The study has been greeted with approval by Biosante Pharmaceuticals Inc, which is developing a topical testosterone gel to treat hypoactive sexual desire disorder in women. The gel, named Libigel, is currently in Phase III clinical trials to assess its safety.
The study was done at the Department of Medicine at Alfred Hospital in Australia and was lead by Susan Davies, of the Women’s Health Program. The researchers evaluated 631 women who were treated with testosterone between 1989 and January 2007 as part of a clinical endocrinology practice.
They discovered that testosterone therapy was not associated with any statistically significant increase in the likelihood of a women developing breast cancer compared to the control population and furthermore concluded that testosterone exposure did not increase the risk of breast cancer.

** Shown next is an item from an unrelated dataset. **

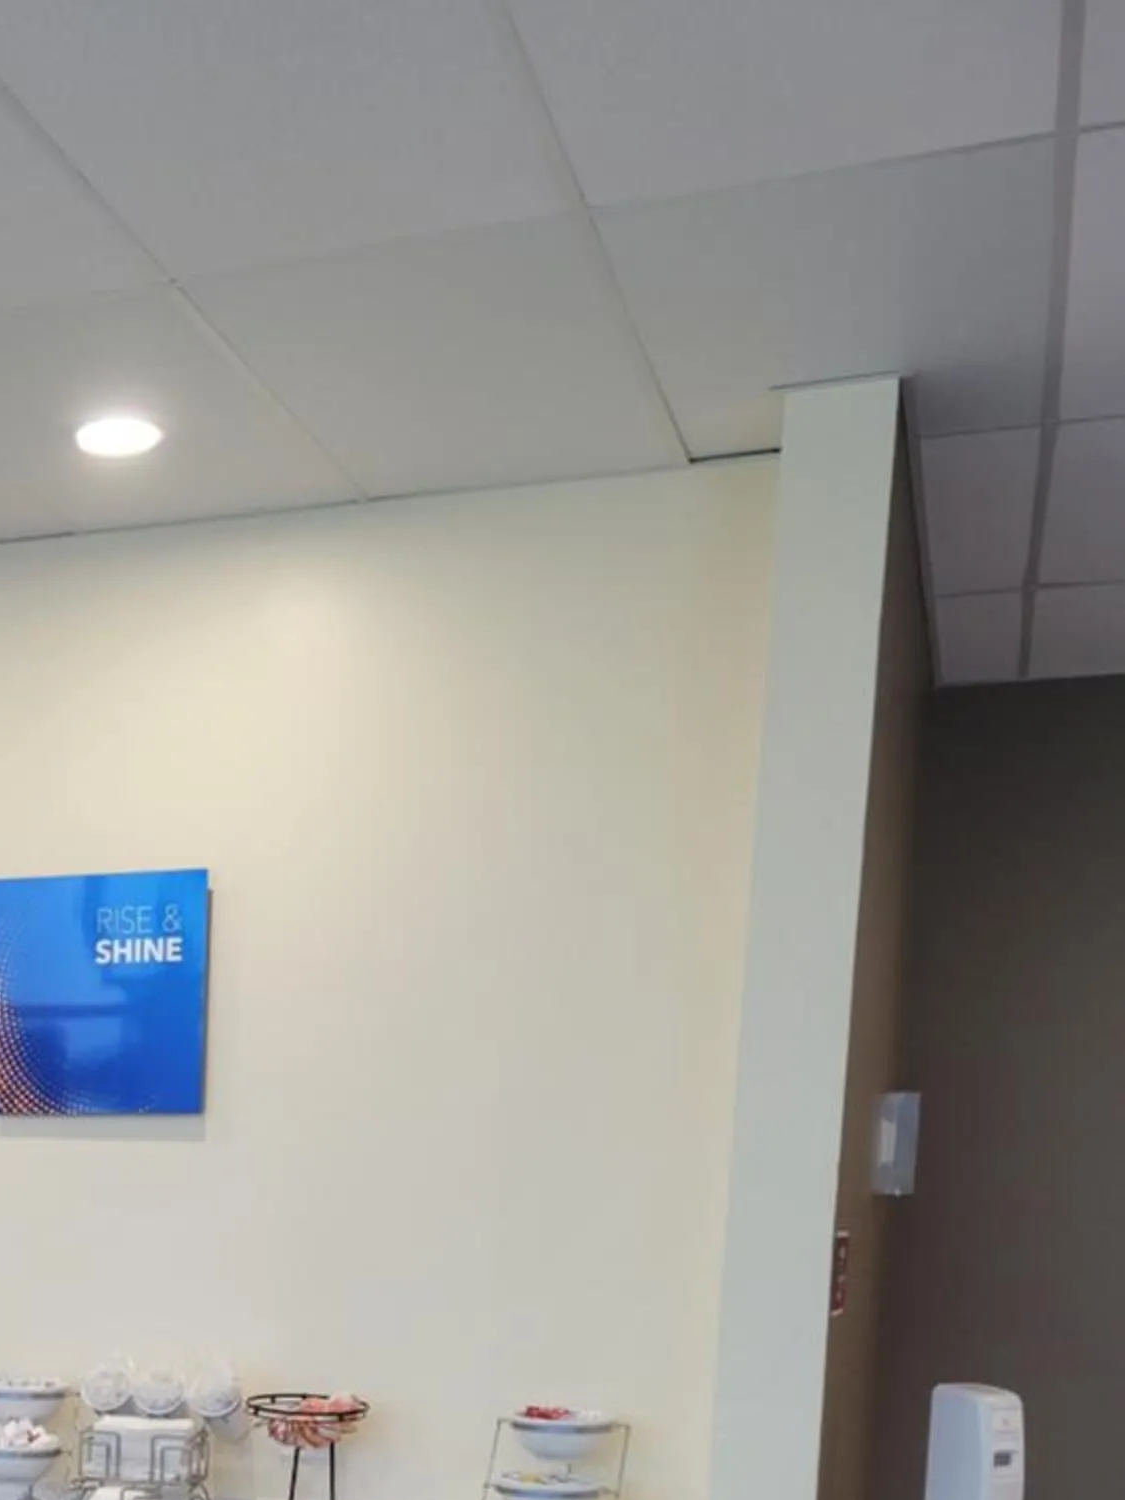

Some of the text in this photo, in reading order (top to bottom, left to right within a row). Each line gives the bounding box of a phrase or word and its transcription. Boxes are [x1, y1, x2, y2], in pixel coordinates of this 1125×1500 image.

The women took the testosterone on average for 1.3 years and were followed for a further 6.7 years. Taking into account the total number of years the women were followed for, the incidence rate of invasive breast cancer was 299 per 100,000 person-years, very similar to the rate reported for hormone therapy non-users.
BioSante recently issued a press release saying that they considered the study “another significant and reassuring set of data” showing that testosterone therapy was a safe way to treat hypoactive sexual desire disorder.
Libigel is the only treatment currently in development for the treatment of HSDD in menopausal women and Biosante are hopeful that it will be the first product the FDA approves for the treatment of the condition. They said that they are planning to seek new drug approval from the FDA in mid-2011.